→ DATA SHOWN
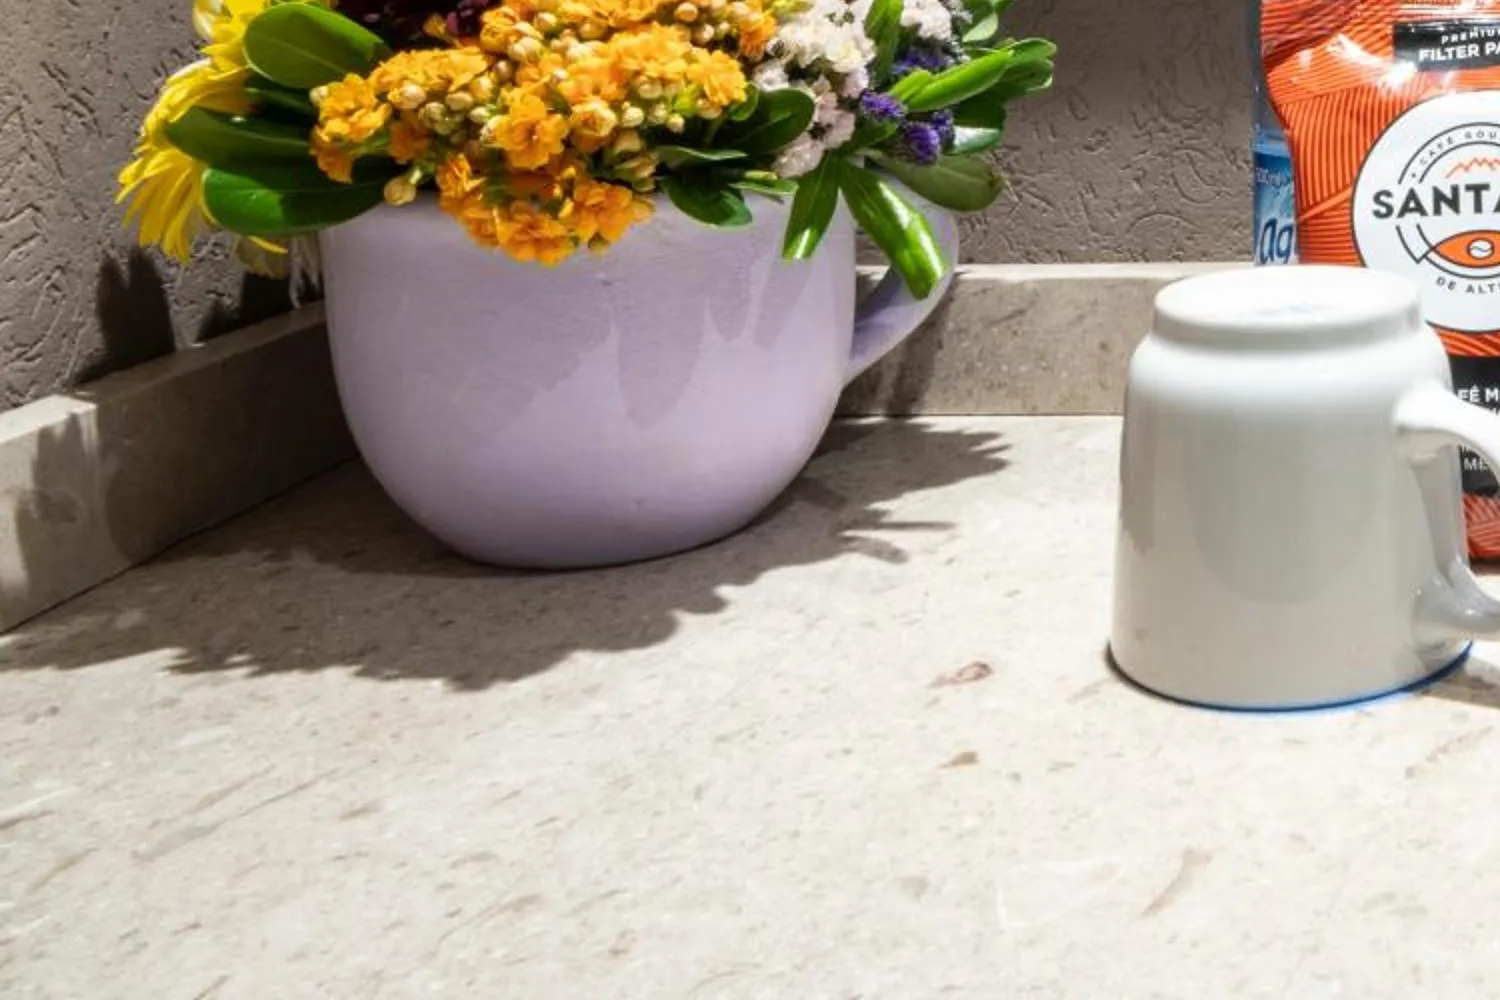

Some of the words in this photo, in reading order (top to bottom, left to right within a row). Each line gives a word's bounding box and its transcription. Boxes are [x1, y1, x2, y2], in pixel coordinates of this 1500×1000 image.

[1419, 43, 1480, 61] FILTER
[1436, 275, 1457, 291] DE
[1458, 385, 1480, 402] FÉ
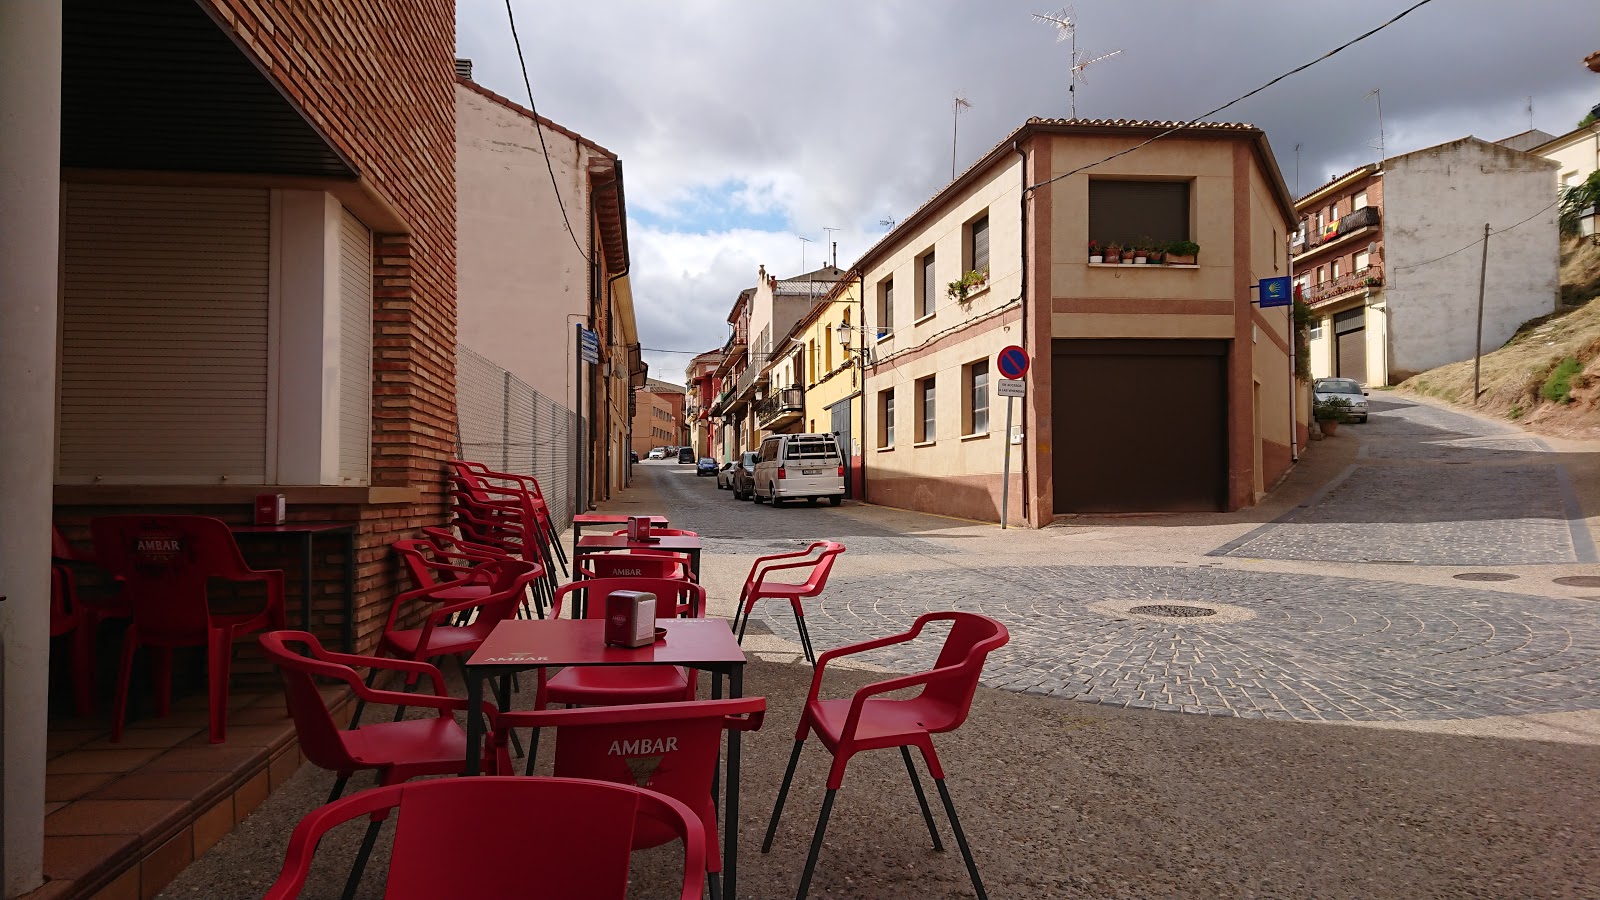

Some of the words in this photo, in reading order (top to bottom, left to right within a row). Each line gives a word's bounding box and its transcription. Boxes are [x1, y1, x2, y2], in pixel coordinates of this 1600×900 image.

[137, 540, 180, 551] AMBAR
[612, 568, 642, 576] AMBAR
[607, 736, 679, 756] AMBAR
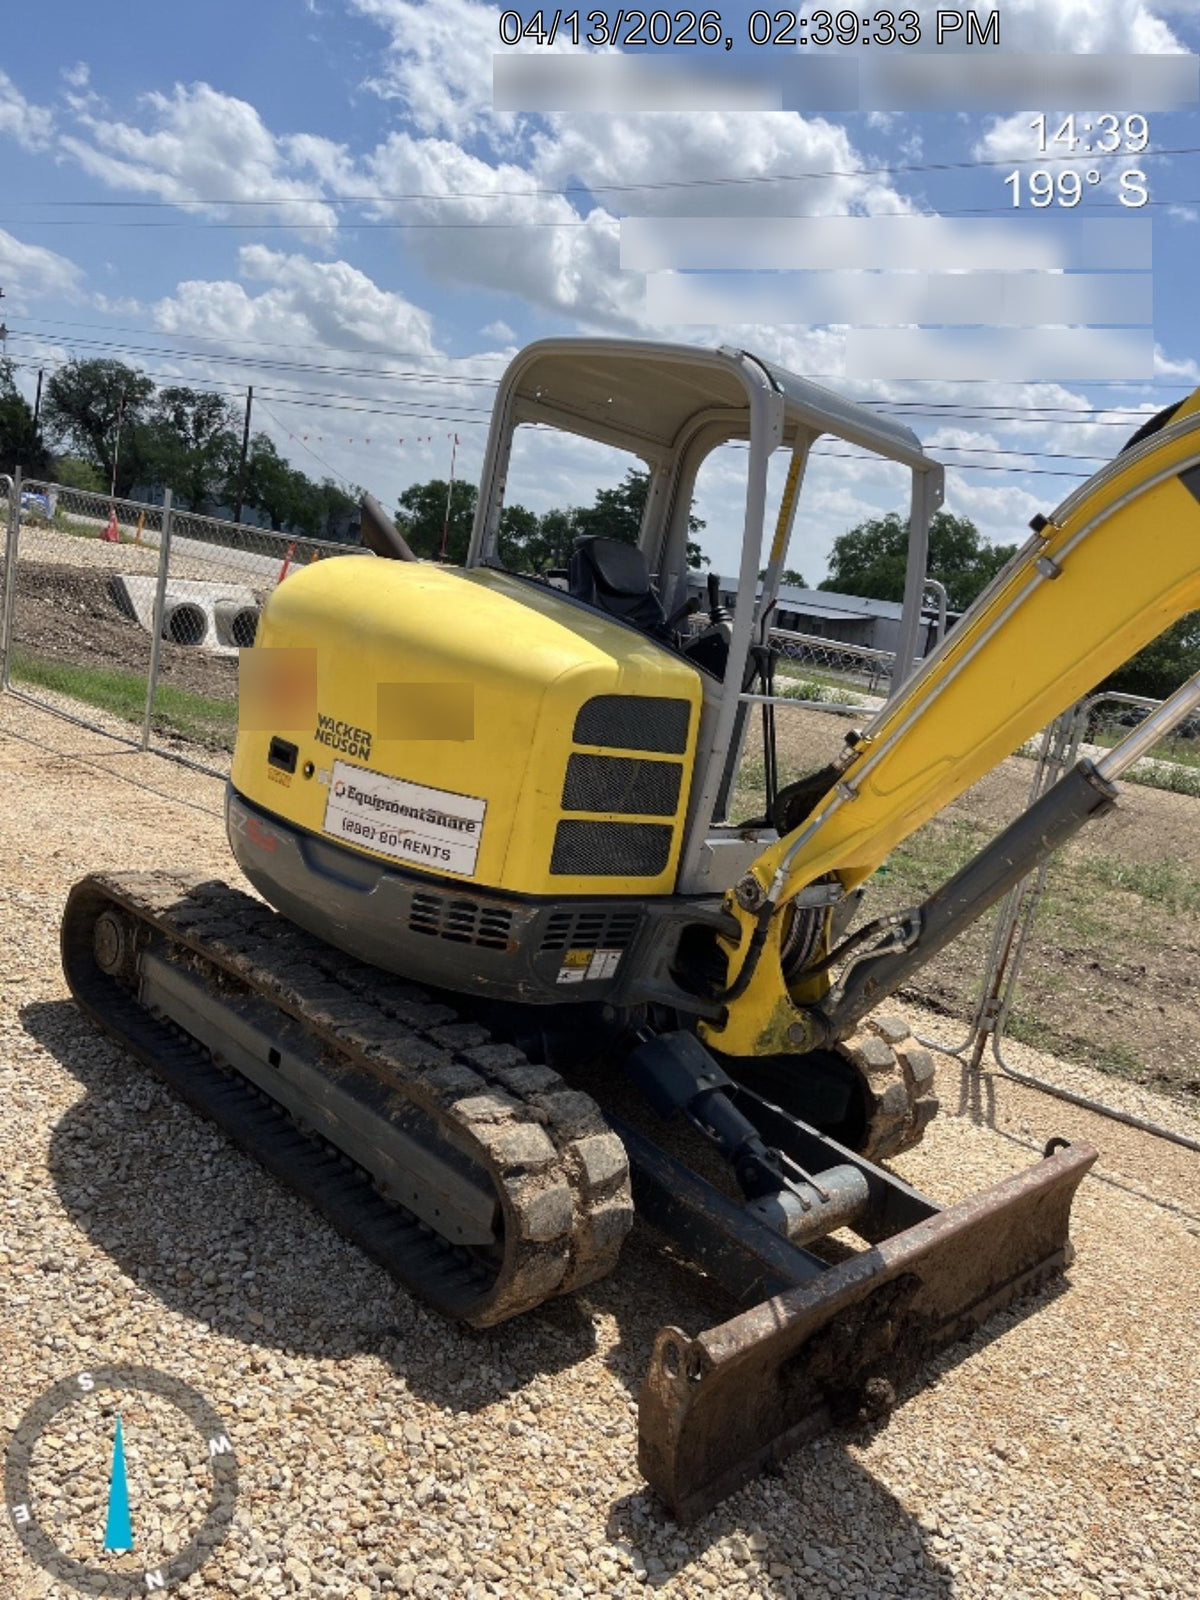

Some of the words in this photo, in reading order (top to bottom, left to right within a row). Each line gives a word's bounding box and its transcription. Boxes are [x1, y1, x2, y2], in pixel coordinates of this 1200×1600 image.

→ TASK DESCRIPTION
Using the records above, retype everything exactly except the pictures.

→ FINAL ANSWER
Some of the words in this photo, in reading order (top to bottom, left to right within a row). Each line gives a word's bounding box and its transcription. Boxes are [x1, y1, x2, y2], in pixel coordinates of this 1500×1000 image.

[1419, 43, 1480, 61] FILTER
[1436, 275, 1457, 291] DE
[1458, 385, 1480, 402] FÉ

Some of the words in this photo, in reading order (top to bottom, left to right within a row). Each line gives a word's bounding box and its transcription. Boxes are [x1, y1, x2, y2], in pixel coordinates of this 1600×900 image.

[137, 540, 180, 551] AMBAR
[612, 568, 642, 576] AMBAR
[607, 736, 679, 756] AMBAR

Some of the words in this photo, in reading order (top to bottom, left to right within a row). Each line gives a word's bounding box and its transcription. Boxes are [x1, y1, x2, y2], in pixel coordinates of this 1200×1600 image.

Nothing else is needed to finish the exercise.